Eine Sprecherin der Bitburger Holding sagte unserer Zeitung, die Dachgesellschaft verwalte unter anderem das Vermögen ihrer Gesellschafter, investiere das Geld in Finanz- und Kapitalanlagen unterschiedlicher Art. "Vorliegend beabsichtigt sie, eine Finanzanlage in Form einer direkten Beteiligung an einem erfolgreichen mittelständischen Unternehmen zu erwerben", sagt die Holding-Sprecherin.

Sterntaler gilt als top-solider Mittelständler



Was so kompliziert klingt, soll wohl auf gut Deutsch heißen: Es ist besser, Geld in ein gesundes Unternehmen mit guter Rendite zu stecken, als es irgendwo anders unter schlechteren Konditionen zu parken.

In Wirtschaftskreisen gilt Sterntaler als top-solider Mittelständler. "Die Firma steht sehr gut da", sagte ein Branchenkenner dem TV. Nach eigenen Angaben beschäftigt der Dornburger Spielsachen-Hersteller 500 Mitarbeiter, davon 170 in Deutschland. Im Ausland hat Sterntaler Produktions-Tochtergesellschaften in Tschechien und in Thailand. Von dem Unternehmen war auf TV-Anfrage gestern keine Stellungnahme zu bekommen.

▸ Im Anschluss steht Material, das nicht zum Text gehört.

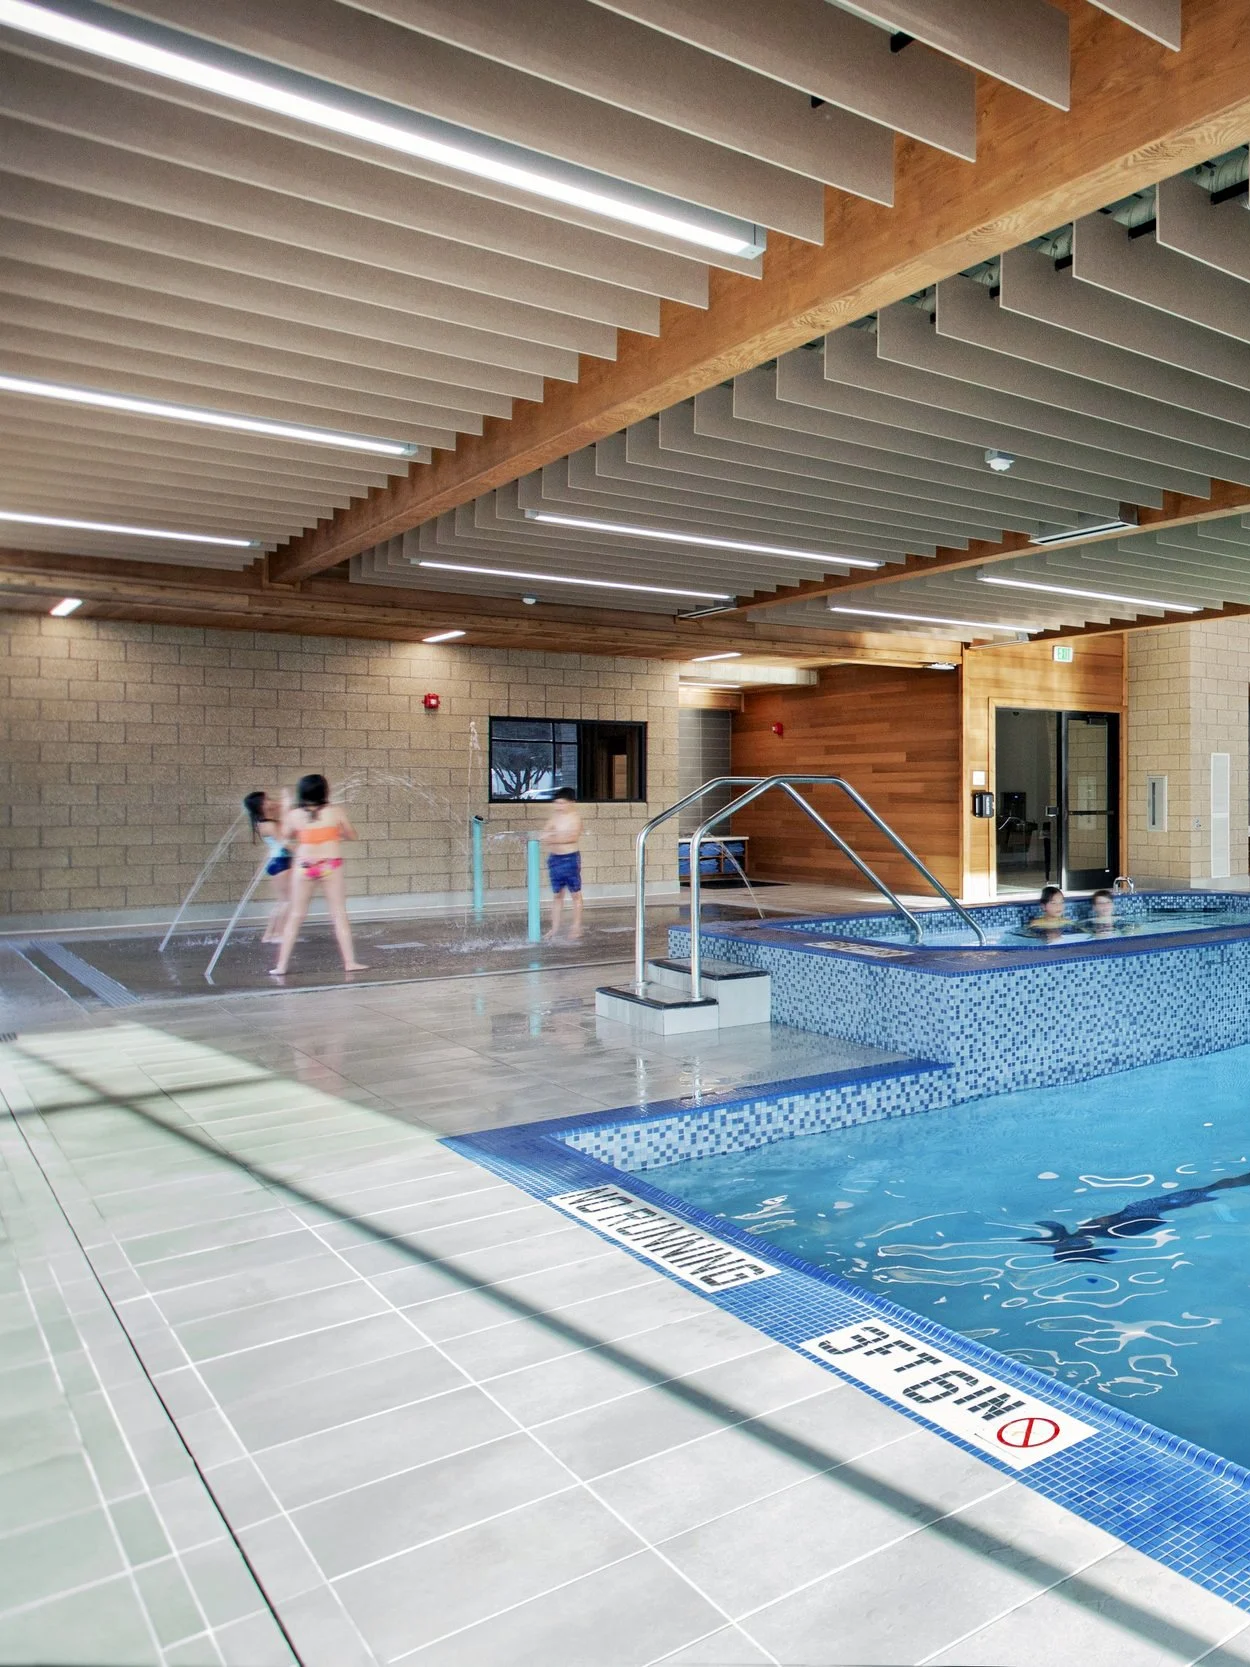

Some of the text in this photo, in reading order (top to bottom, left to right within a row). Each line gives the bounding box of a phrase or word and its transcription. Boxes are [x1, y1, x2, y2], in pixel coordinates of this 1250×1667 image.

Die 1965 gegründete Firma ist nach einem Märchen der Brüder Grimm benannt. Darin gibt ein kleines Mädchen aus Gutherzigkeit sein letztes Hemd her und wird dafür mit goldenen Talern belohnt. Auf dieses Märchen nimmt auch das Sterntaler-Logo Bezug.

Mit einer Entscheidung des Kartellamts wird innerhalb eines Monats gerechnet.